▶ _YOUR TASK_: Make a verbatim transcription of the records, without the pictures.

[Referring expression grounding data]
=-=-=
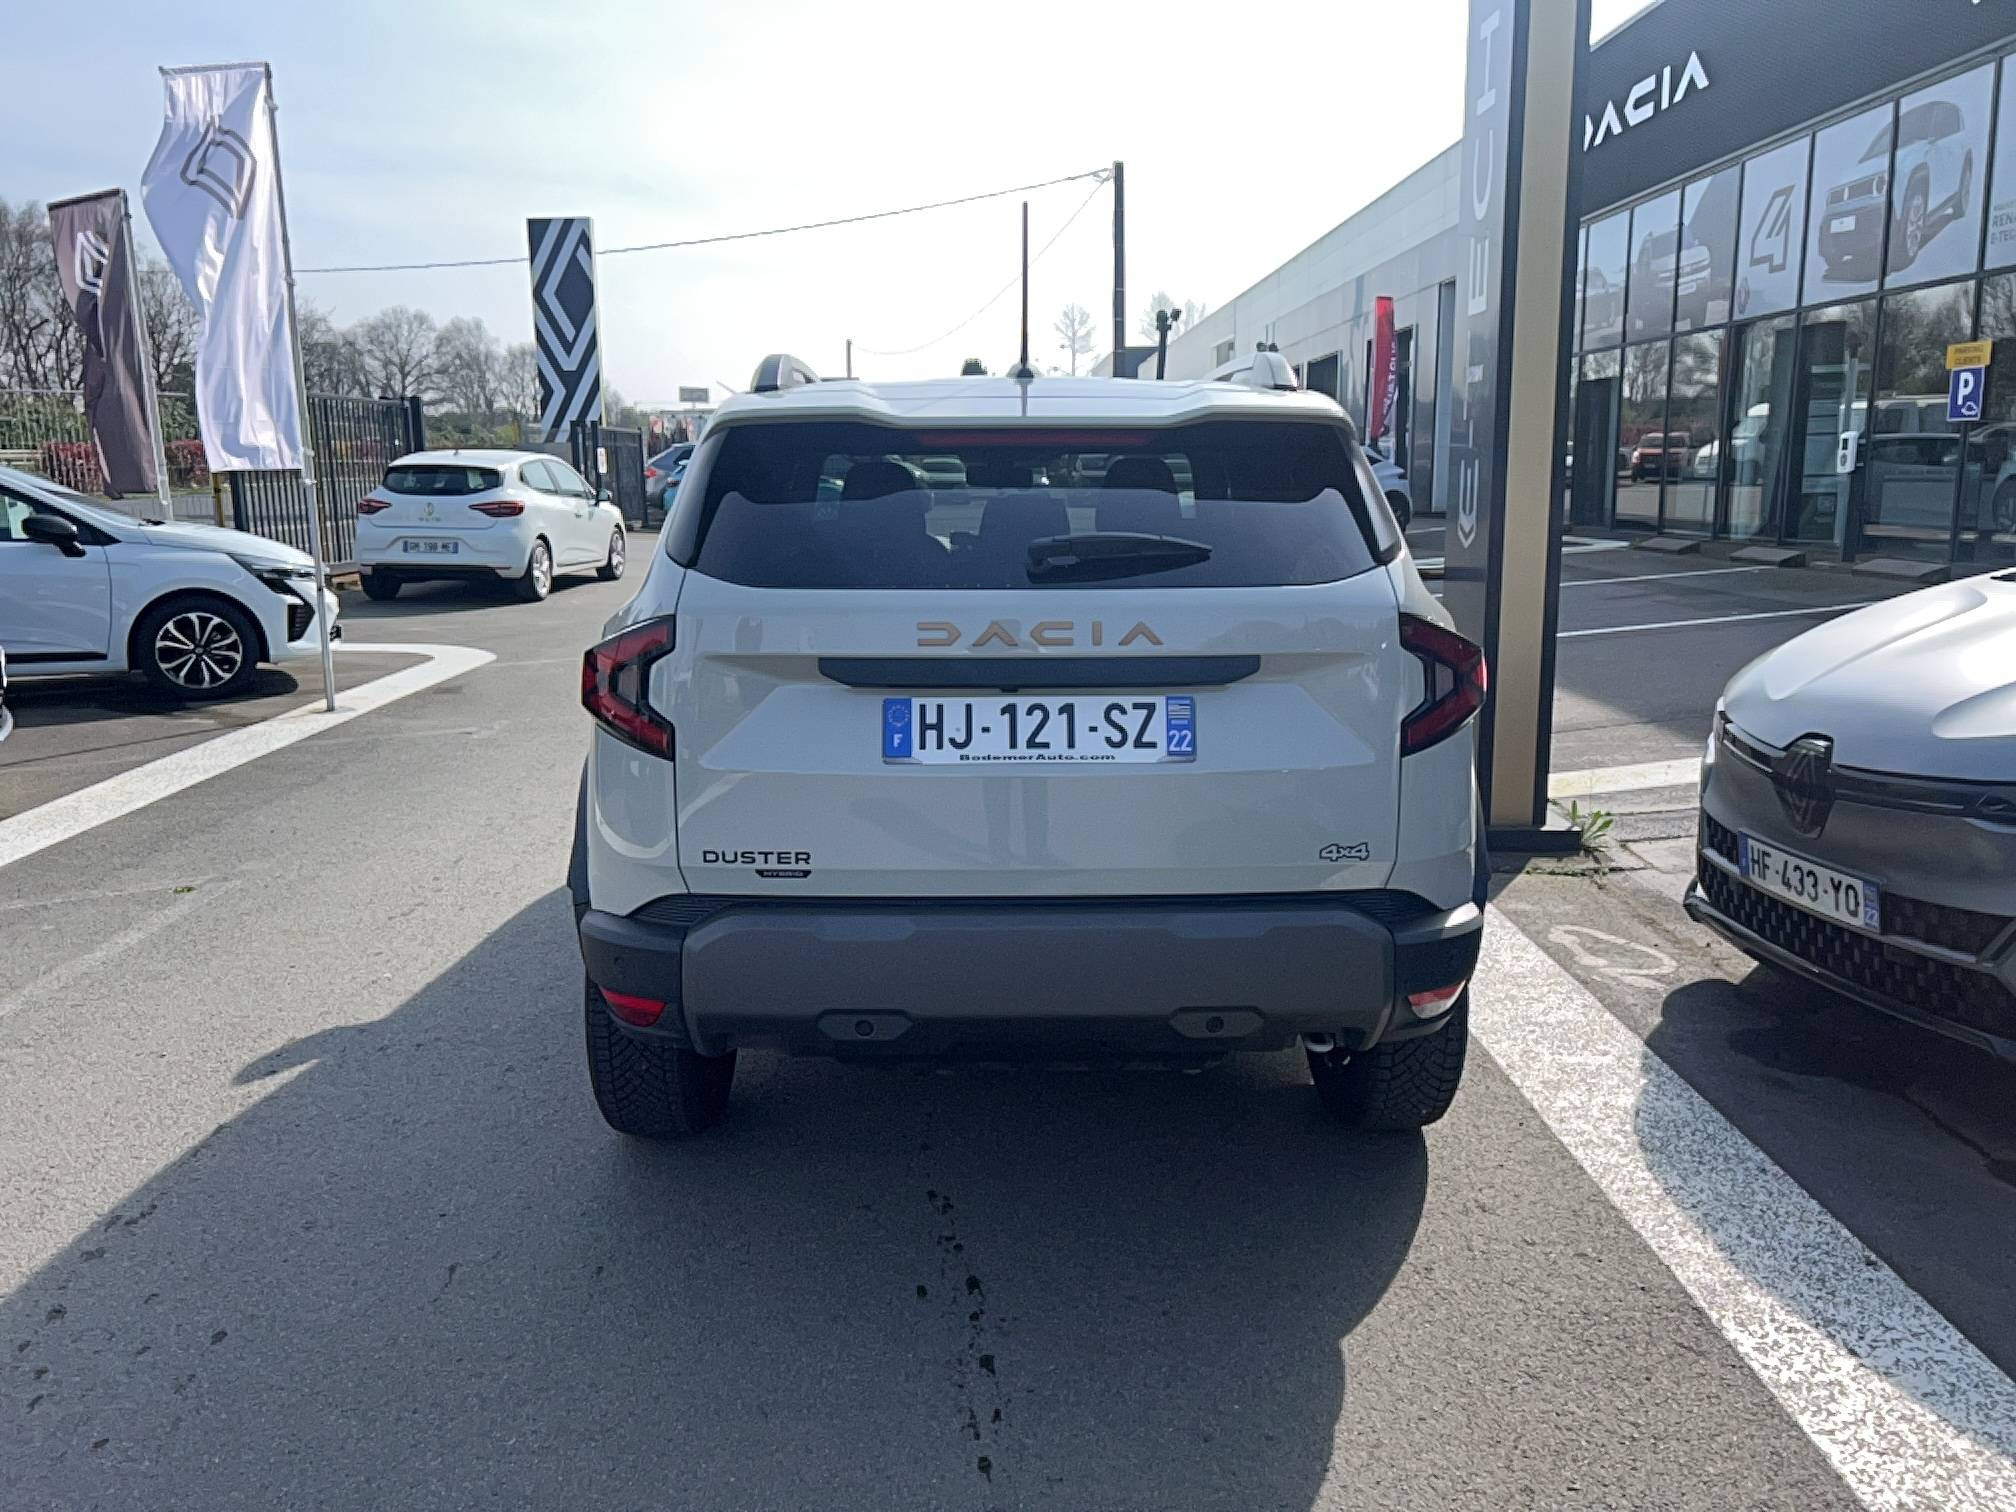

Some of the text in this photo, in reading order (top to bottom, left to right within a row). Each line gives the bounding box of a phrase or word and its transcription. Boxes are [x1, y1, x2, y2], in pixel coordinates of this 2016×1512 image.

[1957, 372, 1974, 406] P
[917, 620, 1162, 648] DACIA
[918, 701, 1158, 750] HJ-121-SZ
[892, 734, 903, 748] F
[1168, 730, 1193, 752] 22
[959, 753, 1116, 762] BodemerAuto.com
[702, 850, 812, 865] DUSTER
[1319, 841, 1370, 862] 4x4
=-=-=
▶ _COMPLETED EXERCISE_:
Some of the text in this photo, in reading order (top to bottom, left to right within a row). Each line gives the bounding box of a phrase or word and its transcription. Boxes are [x1, y1, x2, y2], in pixel coordinates of this 2016×1512 image.

[1957, 372, 1974, 406] P
[917, 620, 1162, 648] DACIA
[918, 701, 1158, 750] HJ-121-SZ
[892, 734, 903, 748] F
[1168, 730, 1193, 752] 22
[959, 753, 1116, 762] BodemerAuto.com
[702, 850, 812, 865] DUSTER
[1319, 841, 1370, 862] 4x4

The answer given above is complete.